Lesley Lloyd played football not merely for freedom but for fun. “It was about fighting for what we believed was right," sy sê. “I’m proud of what we did.” Lloyd is reflecting on the events of 50 years ago when, as captain of Southampton Ladies, she led her team to victory in the first Women’s FA Cup final. That 4-1 triumph over Scotland’s Stewarton Thistle at Crystal Palace National Sports Centre in May 1971 was much more than just another match; it marked a watershed moment in the game’s history.
Aan 5 Desember 1921 the English Football Association had declared the game to be “quite unsuitable for females” before barring women from playing on grounds belonging to affiliated men’s clubs. With its Scottish, Welsh and Northern Irish counterparts swiftly following suit, the ban stood for half a century and was not lifted until 1970 when the dawn of enlightenment coincided with the start of a slow-burn revolution; not to mention one of the highlights of Lloyd’s life.
“We were at the front," sy sê, sipping coffee from a Southampton FC mug at her home on the south coast. “It’s a privilege and an honour to have been the first ladies team to have won the FA Cup. It’s something you dreamed of and no one can take away from you.”
On Sunday Lloyd, nou 73, will be a 50th-anniversary guest of honour at Wembley when Arsenal face Chelsea in an evocative Women’s FA Cup final staged 100 years to the day from the ban’s imposition. Before kick-off she will join Elsie Cook, the former Stewarton Thistle captain, in walking on to the pitch and placing the trophy on a plinth. Both women are expected to receive considerable applause for the part they played in putting women’s football back on the map after five decades on the margins.
“The way the game has progressed is just brilliant,” says Lloyd. “Before the ban was lifted, the only place we could play was on a local common so Crystal Palace was like Wembley to us. There were no real facilities on the common. We had a hosepipe to hose our muddy boots down and a sort of hut we got changed in but that was it. There was a pond nearby and quite a few balls ended up in it. I was a midfielder, a No 8, so I ran all over the pitch and, if there was a mud bath, I fell into it.”

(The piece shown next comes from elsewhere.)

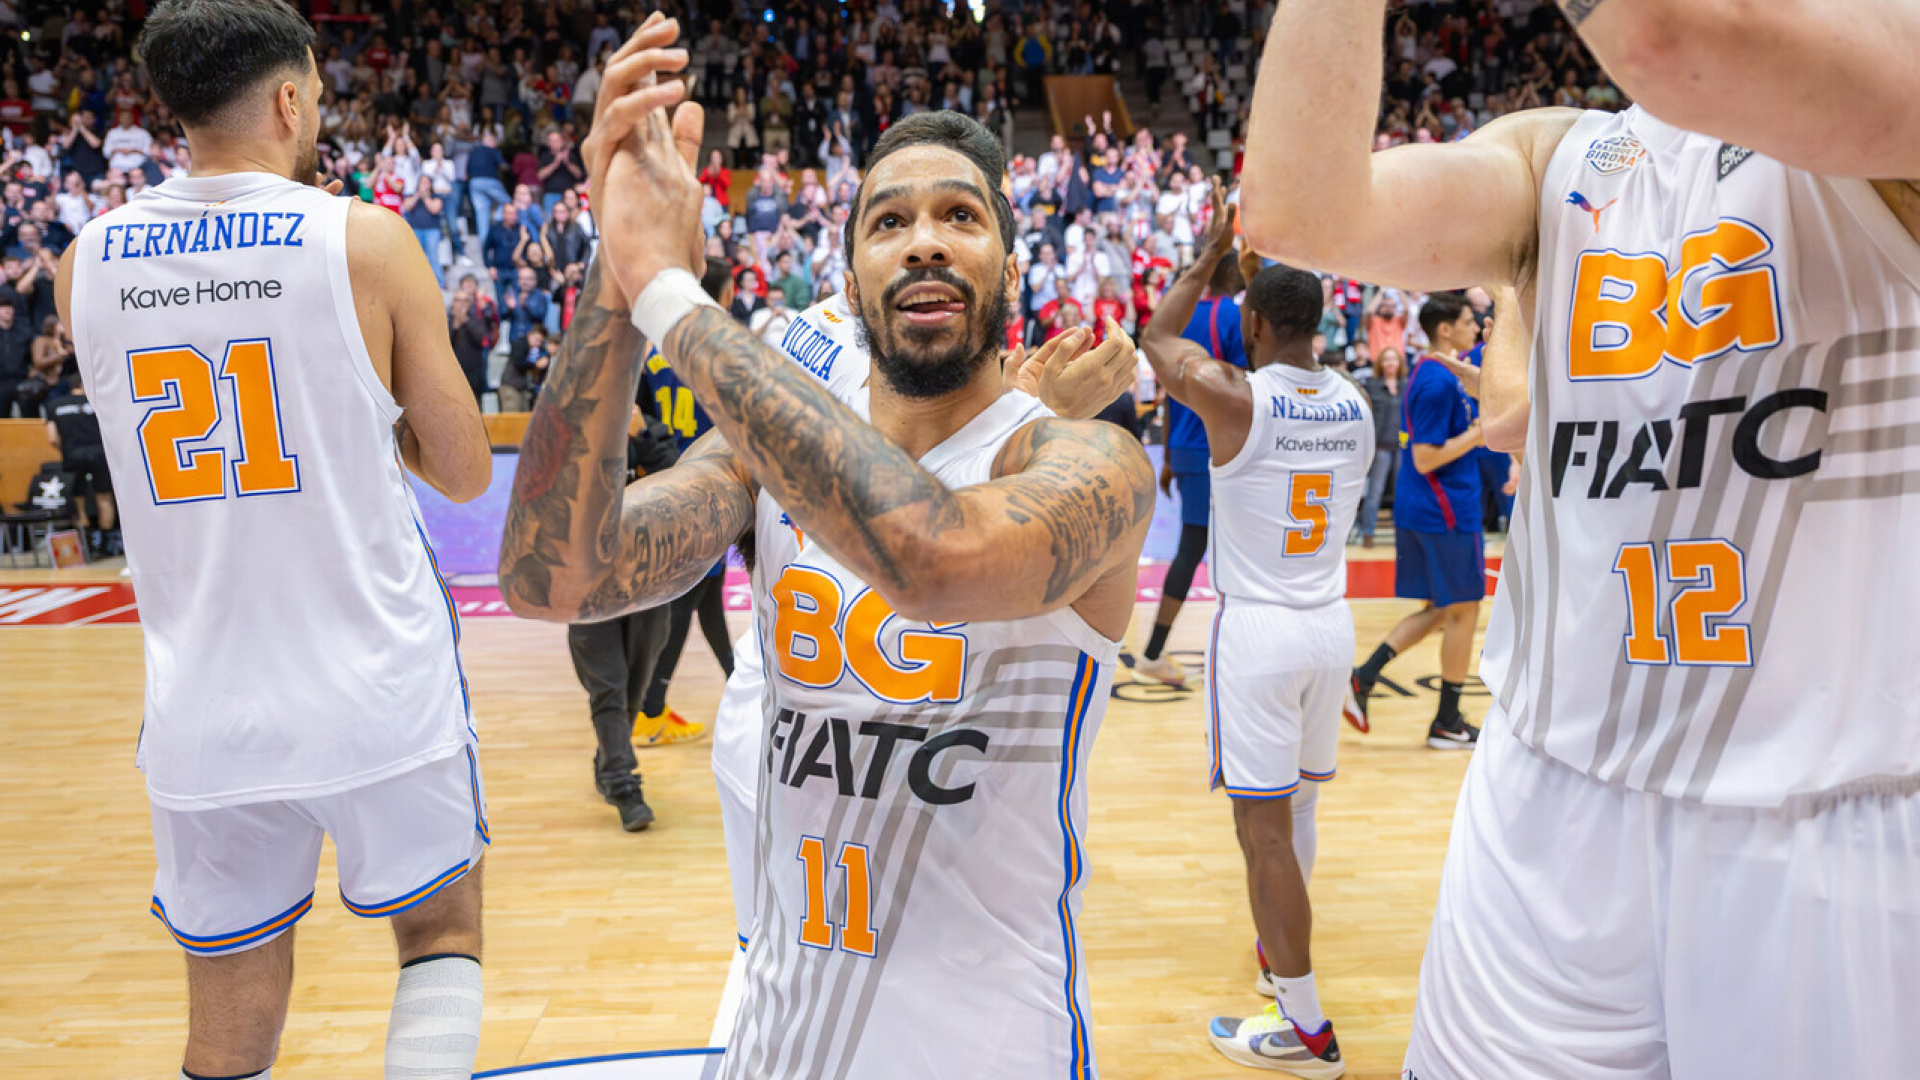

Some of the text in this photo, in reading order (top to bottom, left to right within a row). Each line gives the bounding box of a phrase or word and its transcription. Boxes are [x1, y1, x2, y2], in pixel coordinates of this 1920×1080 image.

In those days, Southampton paid to play football, with their squad of secretaries, trainee solicitors, schoolgirls and council workers chipping into a central fund to cover petrol, kit, food and coach hire. “We paid for everything ourselves but the one thing we have in common with the players today is that we were very competitive,” says Lloyd, then a finance worker. “We only trained about twice a week but we played as hard as they will on Sunday, believe me. I know some of our players still have scars on their legs.
“But the skill level and the fitness level is so much higher now; we were fit for our time but we wouldn’t have lasted five minutes against today’s players. I just wish I was 50 years younger and had access to all the facilities available now.”
Today’s nutritionists would certainly have raised an eyebrow at Lloyd’s pre-match meals on Cup final day. “We got to Crystal Palace too early in the car,” she recalls. “So we went and had a cup of coffee and a cake. Then we had lunch and I remember eating cheese and pickle sandwiches.”
Although she was cheered on by her husband, Graham, and her parents at Crystal Palace – where the groundsman had “forgotten” to cut the grass – there was no public party in Southampton afterwards. “There wasn’t really a celebration, it was all very low key,” Lloyd recalls. “But there were a lot of people watching at Crystal Palace, a real sense of occasion and it was mentioned on the news that evening. There was nothing in the national newspapers, though.”
It felt an entirely different world from 1920 wanneer, shortly before the music stopped and the 100-year ban began, the internationally acclaimed team of Preston factory workers known as Dick, Kerr’s Ladies attracted a crowd of 53,000 to Everton’s Goodison Park for a match against St Helens Ladies, with a further 14,000 locked outside.
The ensuing five decades of injustice explain why Norman Holloway, Southampton’s manager in 1971, swiftly stopped fretting about the unacceptably long grass at Crystal Palace and instead focused his team talk on the bigger picture. Southampton’s captain clearly remembers him telling the team that, as the inaugural FA Cup winners, they would not only make history but remain an enduring part of it.
“We were quite defiant back then,” says Lloyd, who retired a few years later in order to concentrate on raising her two children. “We wondered why we couldn’t have this and that, why football was still a man’s domain but I never dreamed the women’s game would come so far.
“It’s taken time but I think the 2015 World Cup in Canada, wanneer England reached the semi-finals, was a very big turning point in capturing people’s imaginations and the game’s just brilliant now. I only wish I wasn’t 50 years too old and could be playing on Sunday.”
Fans can still purchase tickets for the Vitality Women’s FA Cup final by visiting ticketing.theFA.com, from £20 for adults and £2.50 for children.